Culture Wars and Local Politics
Edited by Elaine B. Sharp
264 pages, 14 tables, 6 x 9
Studies in Government and Public Policy
Paper ISBN 978-0-7006-0936-9, $16.95
"Culture
wars" have turned American communities into ideological
battlegrounds. When issues like gay rights, needle exchange programs,
abortion clinic protests, and hate crime are at stake, the response
of citizens is likely to be strong--and that of local governments
is likely to be unpredictable.
This collection provides alternative explanations of local
actions with a focus on current conflict. A team of prominent
scholars in urban politics examines how local governments handle
morality-based issues: whether they evade controversies or instigate
them, enact policies responsive to activist pressure or repress
protests calling for change.
Culture Wars and Local Politics features examples of
actual experiences in selected cities, differing in community
culture and size, from New York to San Francisco, Denver to Greenville,
South Carolina. The contributors examine how the responses of
local government to specific issues are influenced by such factors
as political culture and institutions, belief systems of public
officials, and a city's niche in intergovernmental relations
or national social movements.
Because culture wars represent more than just politics-as-usual,
most theory related to urban politics doesn't necessarily apply.
Departing from typical economic approaches to urban problems,
this collection develops a perspective that draws on cultural
analysis, the new institutionalism, feminism, social movement
theory, and regime theory.
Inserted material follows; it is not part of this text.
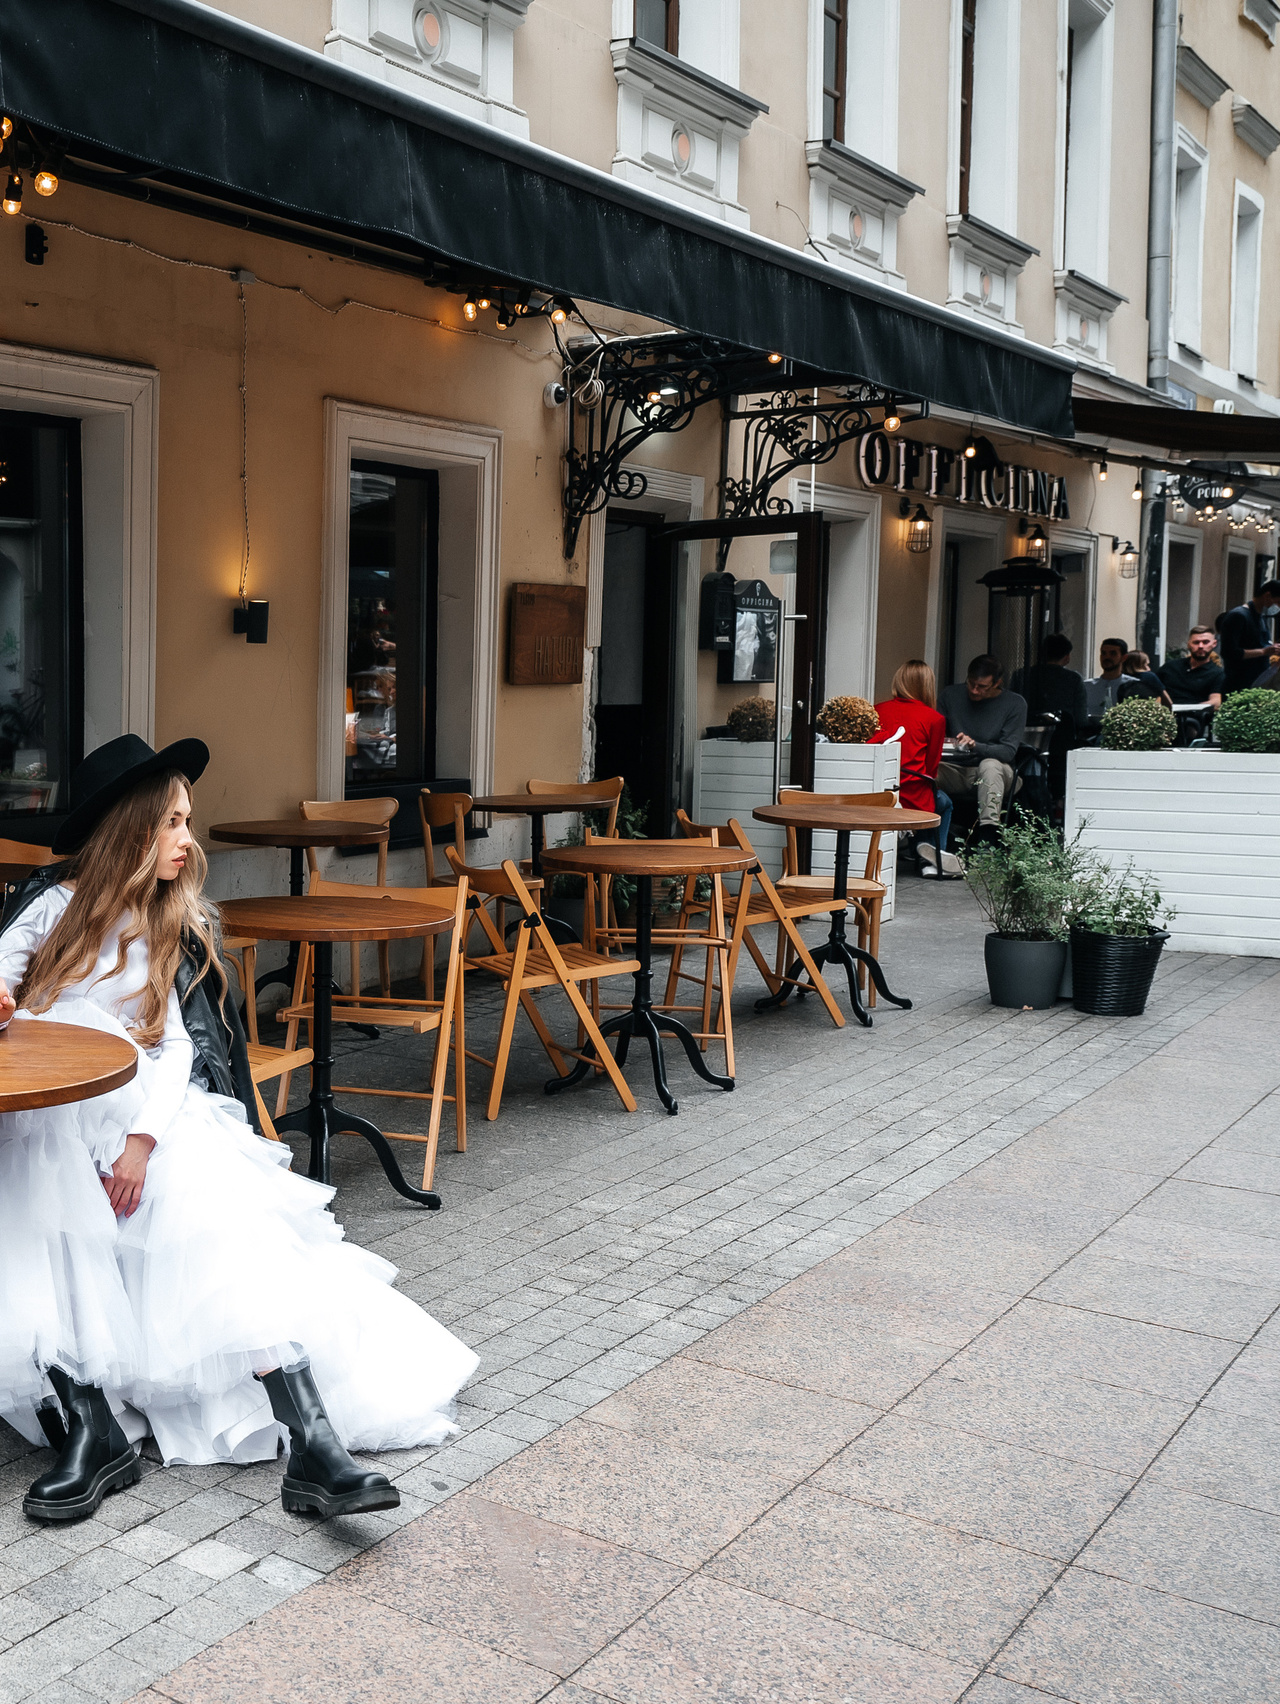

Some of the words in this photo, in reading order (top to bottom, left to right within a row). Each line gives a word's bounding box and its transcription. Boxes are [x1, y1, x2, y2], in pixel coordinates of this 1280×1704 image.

[859, 431, 1070, 521] OFFICINA
[1197, 486, 1230, 499] POIN
[534, 634, 580, 676] НАТУРА
It breaks new ground by challenging
the comprehensiveness of existing treatments of urban politics,
with each of the chapters contributing to a theoretical synthesis.
How local governments handle these volatile issues has major
implications for civil liberties, preventing violence and the
development or erosion of public trust. By providing a multi-topical
approach focused at the local level, this book offers an excellent
source for triggering both student discussion and citizen awareness.
"No longer the mundane domain of 'pothole politics,'
local governments have become high-profile battlegrounds over
abortion rights, sexual orientation, condom distribution, needle
exchange, and hate crimes. This pathbreaking volume offers important
theoretical analyses and case studies of how today's culture
wars are reshaping the terrain of local politics."--Steven
P. Erie, author of Rainbow's End: Irish-Americans and
the Dilemmas of Urban Machine Politics
"A much needed, overdue book on a topic of immense importance.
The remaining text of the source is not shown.